As for his skills on the diamond, I'll get to that a bit later. What I would rather tell you is that few men his age have gone through the trials and tribulations of life like Luke has. At the age of eighteen a tumor was found in his skull and he had to undergo a harrowing surgery that was life threatening. Per Pete Grathoff at
Farrell’s jaw would be split in half and he would be put into a medically induced coma for up to 14 days.
“To watch your son, who at the time was 18, have a conversation with the performing surgeon as a consultation before the procedure, and talk about the potential of stroke or a bleed out, those are not normal conversations for an 18-year-old,” John Farrell said. “It was startling to say the least.” 
Thankfully, the tumor was removed and it was benign. Four months after that he was on the ballfield at Northwestern University as a freshman. Then, déjà vu. Prior to his junior season the tumor came back, and he had it removed again -- this time using proton radiation treatment afterwards.
“That round of surgery and radiation was tough, just because there were a lot of complications from it,” Farrell said. “I had some paralysis in my neck. I couldn’t speak for about two months. I had no voice. And … you’re really fatigued.”
As for his head today, I understand that all is well. In fact, one of the primary reasons the Royals drafted him out of college was his high Baseball IQ.
“We knew this when we drafted him, he’s extremely smart,” said J.J. Picollo, the Royals’ assistant general manager of player personnel. “He really knows what his abilities are, how he needs to attack hitters. His pitching IQ is higher than most guys coming into the system.” 
Farrell’s dad had spent time as a director of player development with the Cleveland Indians, as a pitching coach at Boston and manager with the Blue Jays and Red Sox. That was all before Luke Farrell finished college, so he was immersed in the game. 
“He’s a little different,” Picollo said. “You feel like you’re talking to someone who has been coaching for 10 years when really it’s a player that has been with us for four or five years.”
Per a Dodgers press release:
Farrell, 26, appeared in 17 games (16 starts) with Kansas City’s Triple-A Omaha this season going 7-4 with a 4.07 ERA (44 ER/97.1 IP) and holding batters to a .245 average, while striking out 94 batters against 33 walks. He also made his Major League debut this season after the Royals selected his contract on July 1 and made his first career start in the first game of a doubleheader against the Twins on that day. Farrell allowed five runs on seven hits in 2.2 innings with two strikeouts against Minnesota and did not factor in the decision in the Royals 11-6 victory.

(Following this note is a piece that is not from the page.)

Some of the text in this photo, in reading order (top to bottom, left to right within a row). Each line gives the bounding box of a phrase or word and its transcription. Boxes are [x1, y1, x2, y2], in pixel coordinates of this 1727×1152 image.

The Westlake, Ohio native has posted a 24-26 record with a 4.27 ERA and has collected three saves in 99 career games (80 starts) over five professional seasons with the Royals organization. He has struck out 448 batters against 175 walks, while limiting hitters to a .259 average. Farrell, who was designated for assignment on July 24, was originally drafted by the Royals in the sixth round of the 2013 First-Year Player Draft out of Northwestern University. 

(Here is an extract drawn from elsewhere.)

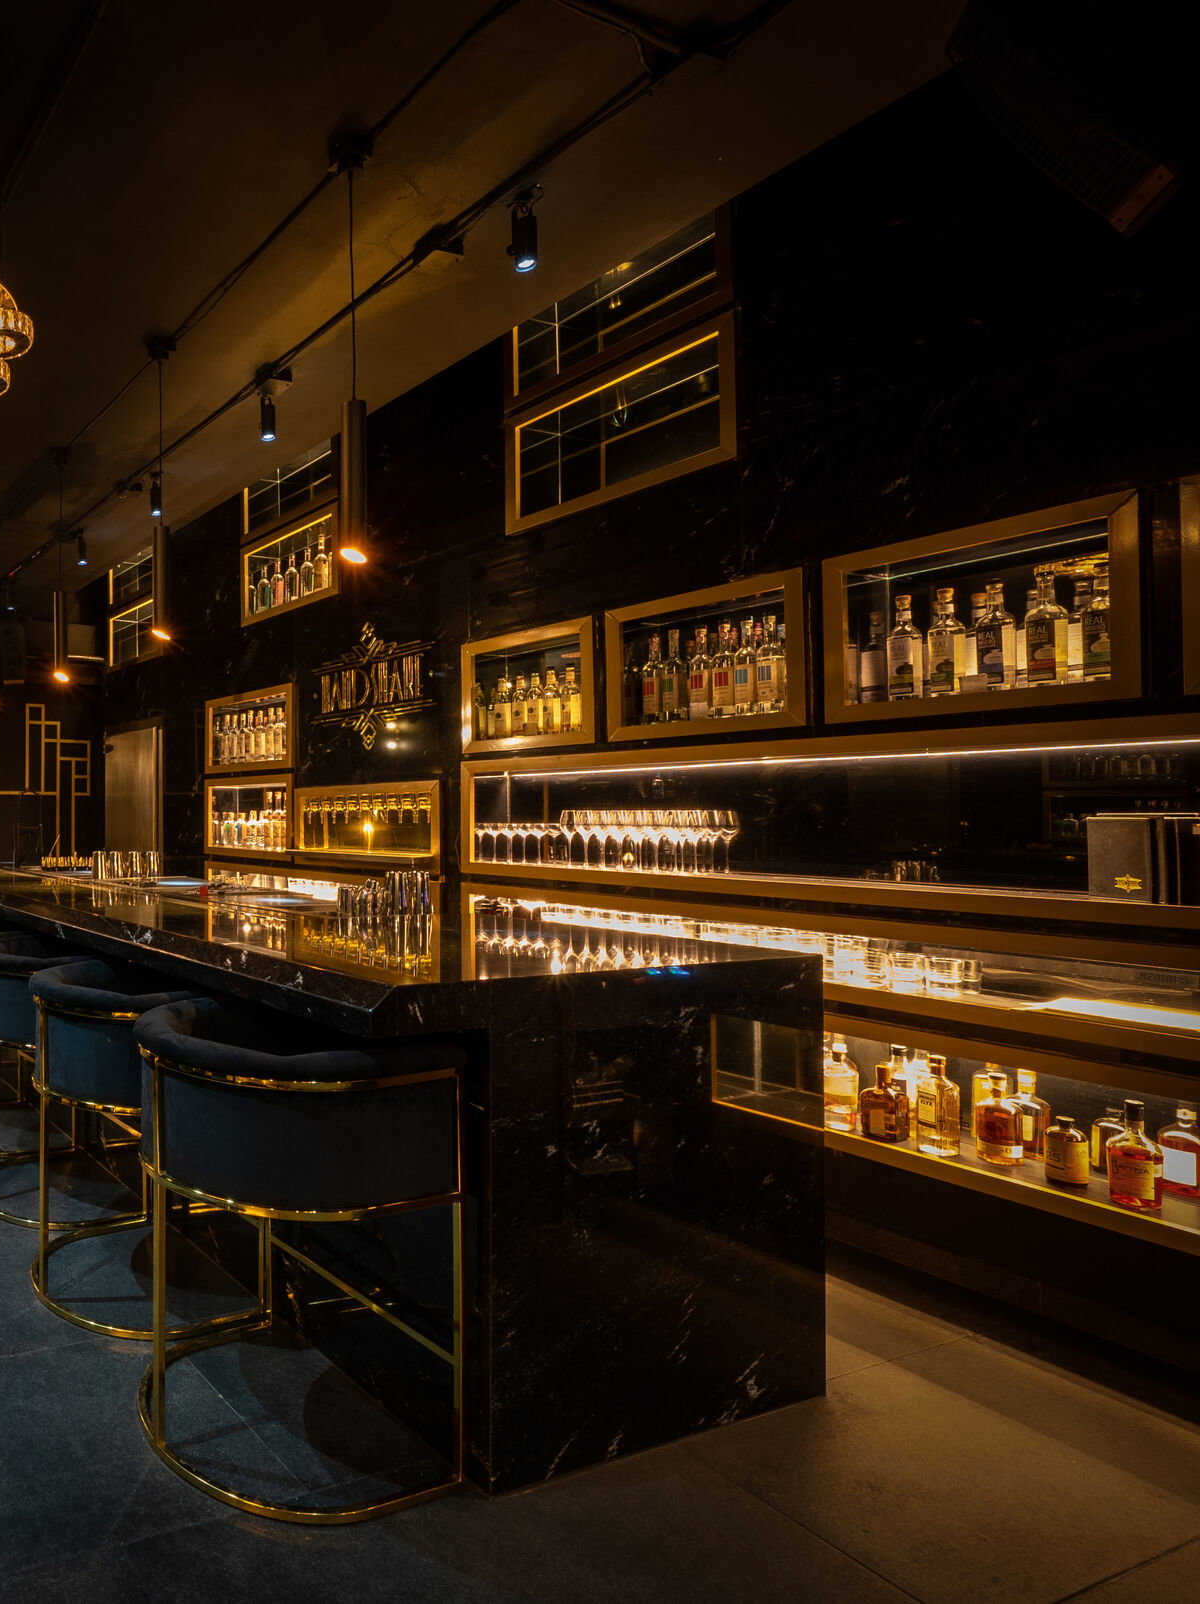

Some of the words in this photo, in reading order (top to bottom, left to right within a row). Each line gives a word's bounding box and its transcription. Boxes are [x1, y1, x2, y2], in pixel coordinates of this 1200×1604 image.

[1084, 616, 1106, 626] REAL
[1028, 625, 1048, 636] REAL
[978, 631, 996, 642] REAL

 Eric Longenhagen at FanGraphs wrote this about Luke:
Luke’s fastball sits 90-92 with downhill plane, he has an average cutter and fringe curveball. He projects as an up-and-down arm without quite enough stuff to crack a full-time rotation spot, though you could argue his pitches have more projection than most 25-year-olds because of the developmental time he missed dealing with his health issues.
In honor of Luke joining the Dodgers franchise I made the above fantasy Baseball cards of him. For the card in the left I used a pic Luke posted up on his own Instagram and the 1974 Topps Baseball card design.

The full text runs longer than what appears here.